Chapter 19
WHEN SHADOWS LEARN YOUR NAME
DANIEL
Istood at the northern perimeter where the ward-line met the tree line, watching Sienna and Theo complete their patrol rotation.
They moved through the shadows with practiced efficiency, but I could see the tension in their shoulders, the way their eyes tracked movement that wasn't there.
They felt it too. The forest's attention, sharp and hungry and way too focused for comfort.
“Anything?” I called as they approached.
Sienna shook her head, but her jaw was tight. “Tracks. Same pattern as yesterday. Something's been testing the wards, but not crossing. Just... watching.”
“How many?”
“Three, maybe four. Hard to tell. They're covering their scent somehow.” She glanced at Theo, who nodded confirmation. “But Daniel, the spacing is deliberate. Military. Like they're mapping our response times.”

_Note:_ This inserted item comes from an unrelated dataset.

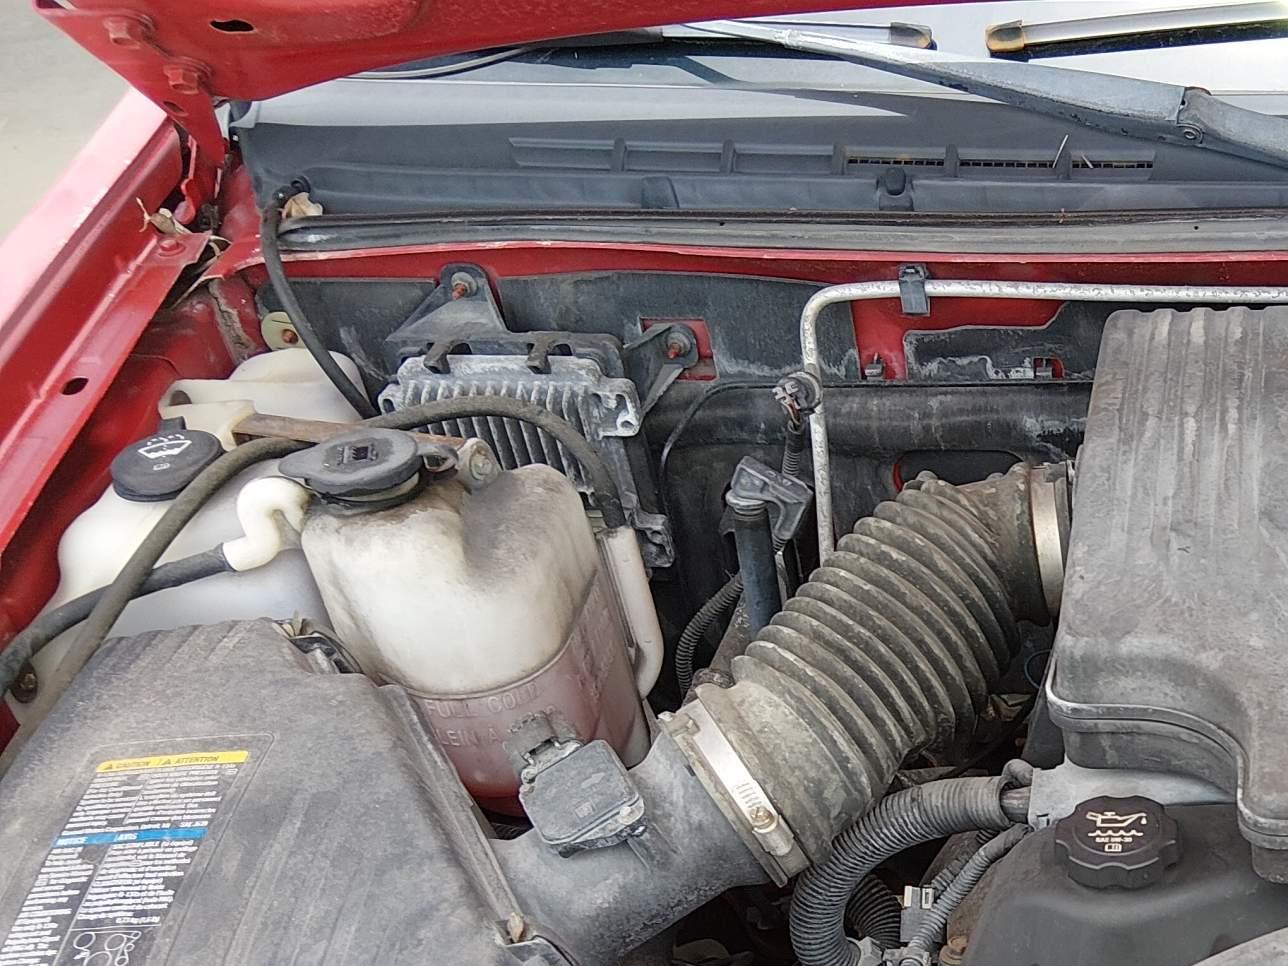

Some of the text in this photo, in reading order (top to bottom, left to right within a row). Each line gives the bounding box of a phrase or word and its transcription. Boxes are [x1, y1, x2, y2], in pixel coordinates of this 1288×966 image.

My stomach dropped. “Show me.”
We moved through the undergrowth in silence, and with each step the wrongness intensified.
The trees were too quiet. No birds. No small animals rustling through dead leaves.
Just the sound of our breathing and boots on frozen ground and the distant howl of wind through branches that sounded almost like screaming.
Theo stopped at a cluster of pines, pointed down. “Here.”
The tracks were clear in the half-frozen mud. Wolf prints, large ones, spaced in a pattern that spoke of deliberate reconnaissance rather than random wandering. They circled the ward-line three times, each pass closer than the last, testing for weaknesses.
But it was the other marks that made my blood run cold.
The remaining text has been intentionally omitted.